上場、店頭公開企業の2015年財務諸表をまとめた統計によると、昨年中国子会社を清算、解散したのは23社で、▽液晶パネルの瀚宇彩晶(ハンスター)▽タッチパネルの洋華光電(ヤング・ファスト・オプトエレクトロニクス)▽半導体パッケージング・テスティング(封止・検査)の矽格(シガード・マイクロエレクトロニクス)──など。一方、子会社を処分したのはパソコン周辺機器メーカー、群光電子(チコニー・エレクトロニクス)など21社だ。
これら企業が昨年処分した中国子会社の資産148億元は、これまで中国に投資した698億元の2割以上に相当する。しかも、過去3年の平均は70億元余りだったので、2倍以上に増えた。

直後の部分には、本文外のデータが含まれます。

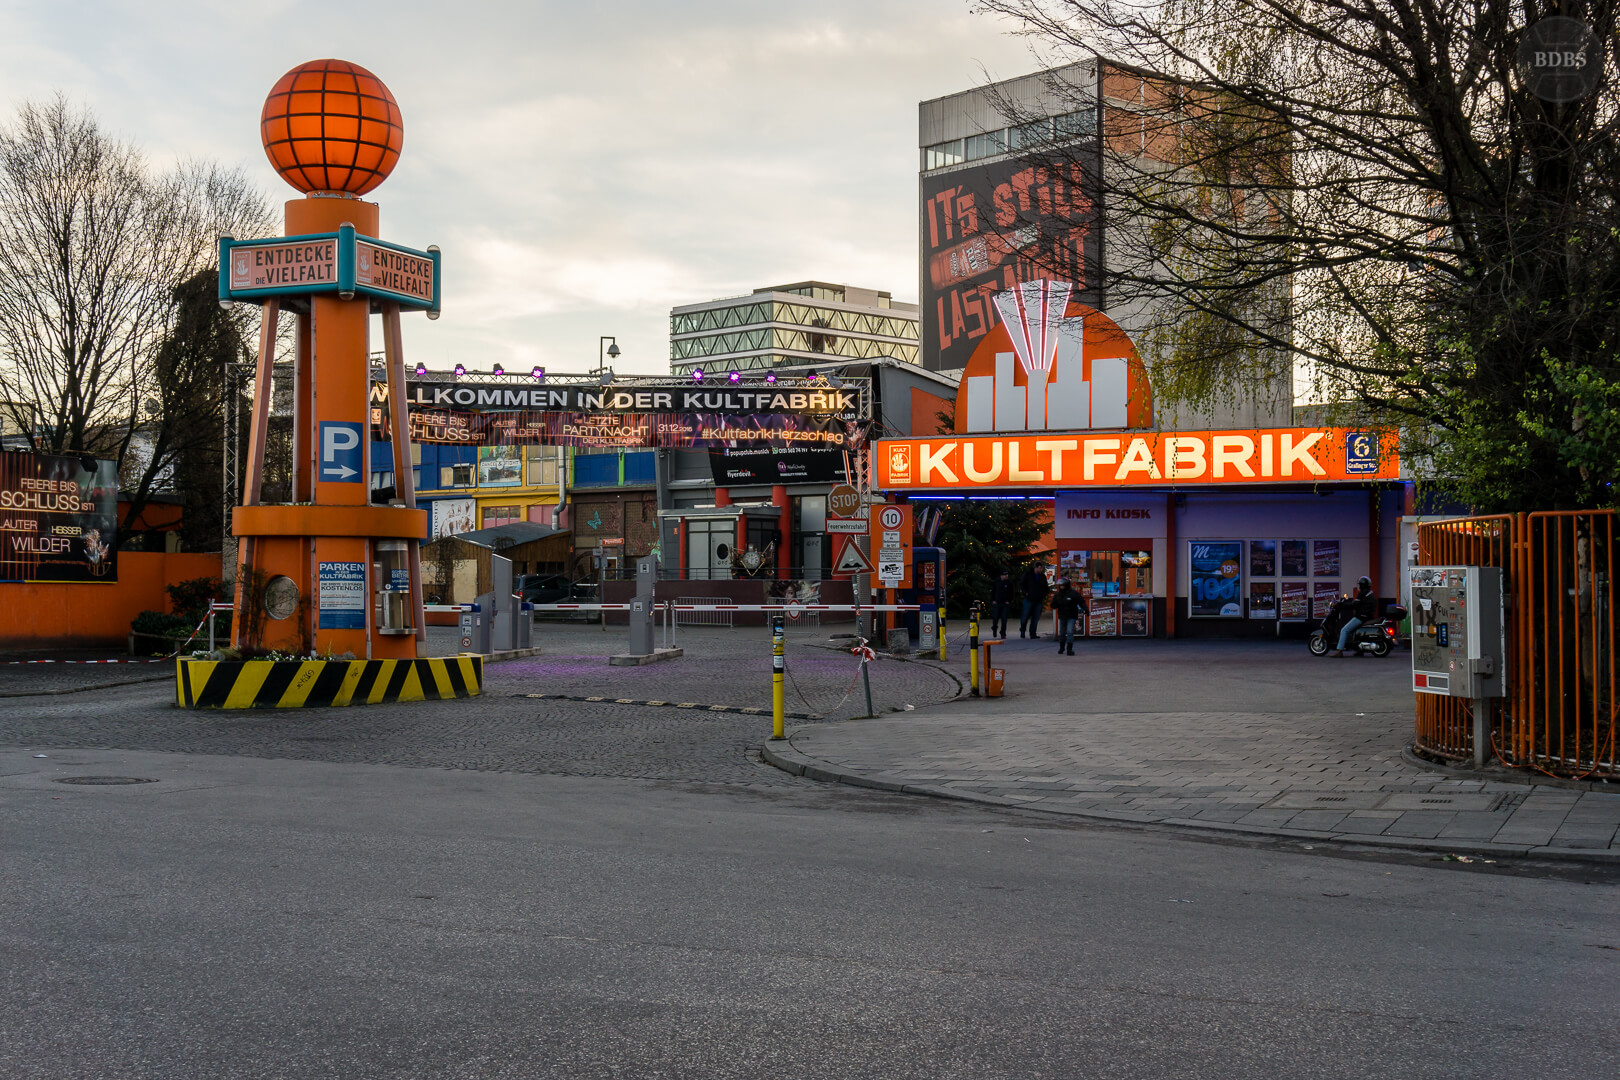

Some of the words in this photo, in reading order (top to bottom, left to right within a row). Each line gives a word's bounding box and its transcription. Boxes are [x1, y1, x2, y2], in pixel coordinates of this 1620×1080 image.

[255, 244, 333, 266] ENTDECKE
[373, 249, 430, 278] ENTDECKE
[255, 277, 265, 285] DIE
[265, 263, 333, 284] VIELFALT
[373, 276, 382, 286] DIE
[381, 270, 430, 297] VIELFALT
[937, 279, 999, 351] LAST
[369, 386, 568, 407] WLKOMMEN
[577, 392, 604, 409] IN
[613, 393, 672, 409] DER
[683, 392, 856, 410] KULTFABRIK
[409, 412, 447, 426] FEIERE
[449, 416, 467, 428] BIS
[583, 416, 619, 425] LETZTE
[389, 425, 470, 441] HLUSS
[503, 428, 540, 437] WILDER
[563, 425, 649, 437] PARTYNACHT
[702, 427, 844, 445] #KultfabrikHerzschlag
[323, 426, 360, 462] P
[1354, 436, 1370, 457] 6
[919, 432, 1327, 484] KULTFABRIK
[20, 478, 58, 491] FEIERE
[59, 481, 77, 492] BIS
[1, 490, 80, 511] SCHLUSS
[832, 493, 858, 508] STOP
[885, 513, 898, 525] 10
[1067, 508, 1101, 519] INFO
[1105, 508, 1151, 519] KIOSK
[828, 521, 867, 531] Feuerwehrzufahrt
[12, 536, 71, 552] WILDER
[319, 563, 365, 572] PARKEN

中国に子会社を設けた上場企業約5,000社のうち2,000社余りが損失を計上し、過去最大の割合だった。一方、上場企業が昨年、中国投資で上げた利益2,000億元以上のうち鴻海が950億元と約半分を占めた。これらのデータから、一部の成功企業以外は苦戦を強いられていることが分かる。
中国メーカーとの低価格競争で敗北
ハンスターは中国の携帯電話メーカーからの受注で一時は利益が好調だったが、中国パネルメーカーによって低価格で受注を奪われ、昨年上半期に赤字に転落。南京のモジュール工場2基のうち1基を処分することを決めた。

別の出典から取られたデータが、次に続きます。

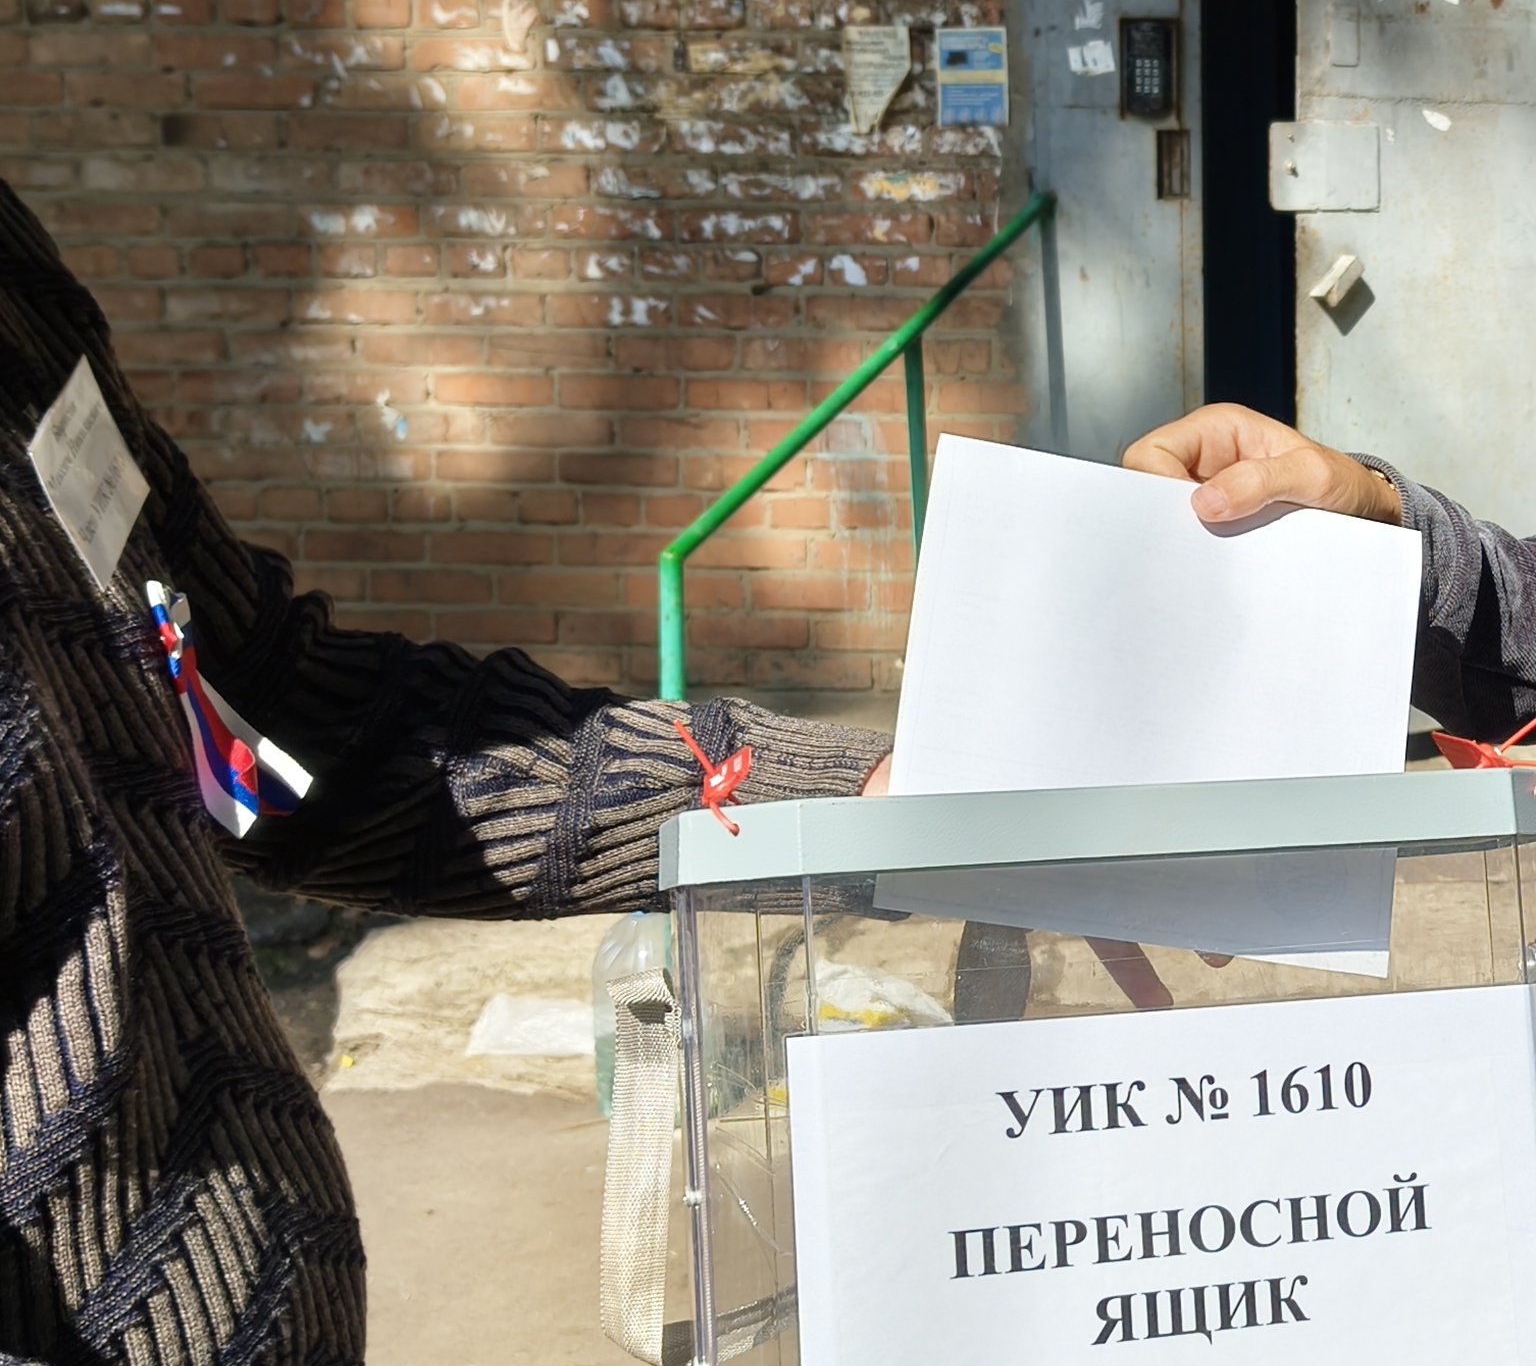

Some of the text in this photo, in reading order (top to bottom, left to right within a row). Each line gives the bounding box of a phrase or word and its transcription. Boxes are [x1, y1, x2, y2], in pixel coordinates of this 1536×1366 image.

[997, 1061, 1372, 1139] УИК № 1610
[950, 1172, 1430, 1279] ПЕРЕНОСНОЙ
[1092, 1275, 1311, 1346] ЯЩИК

洋華光電も中国メーカーとの価格競争で赤字がかさみ、過去3年で観音工場(台湾桃園市)、深圳工場(中国広東省)、恵州工場(広東省)を閉鎖し、中国生産から撤退した。同社は、中国の顧客は現金払いに限定するなど、近年は受注を選別していると説明した。
シガードは、江蘇省での中国メーカーとの合弁会社が毎年数千万元以上の赤字続きで、昨年清算を決定した。同社は台湾半導体封止・検査業界で初めて中国に進出したものの、初の撤退企業ともなった。
中国送金、2千億元
上場、店頭公開企業1,000社以上が昨年中国に送金した総額は2,033億元に上ったが、中国拠点から台湾への送金は100億元と、還元率5%にすぎなかった。

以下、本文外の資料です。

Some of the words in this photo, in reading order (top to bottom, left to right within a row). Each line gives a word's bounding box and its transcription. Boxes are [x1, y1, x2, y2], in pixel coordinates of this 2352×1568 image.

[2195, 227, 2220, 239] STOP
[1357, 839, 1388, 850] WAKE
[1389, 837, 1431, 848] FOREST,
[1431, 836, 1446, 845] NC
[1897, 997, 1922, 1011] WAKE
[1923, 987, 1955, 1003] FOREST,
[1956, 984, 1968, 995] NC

送金額が最も多かったのは電子業界で874億元だった。うち鴻海が178億元、台達電子工業(デルタ・エレクトロニクス)は122億元、友達光電(AUO)が101億元と、3社合計で電子業界の45%を占めた。
スマートフォン大手、宏達国際電子(HTC)の昨年の中国送金額は32億元と、これまでの累計94億元の3分の1以上を占めた。同社は昨年155億元の大幅赤字を計上したが、中国投資は続行している。
このほか、▽光電関連製品大手の光宝科技(ライトン・テクノロジー)、39億元▽台湾塑膠工業(フォルモサ・プラスチックス、台塑)、24億元▽台湾水泥(台湾セメント)、69億元──の中国送金が多かった。
金融業界の送金額は14年の681億元には及ばないものの、昨年も361億元に上った。馬英九政権が金融業界の対中投資規制を緩和した成果だ。うち▽台湾中小企業銀行(台湾企銀、TBB)、40億元▽華南金融控股、50億元▽兆豊金融控股(メガ・フィナンシャル・ホールディング)、51億元▽第一金融控股、51億元▽彰化商業銀行(CHB)、25億元──と、政府系5社が6割以上を占めた。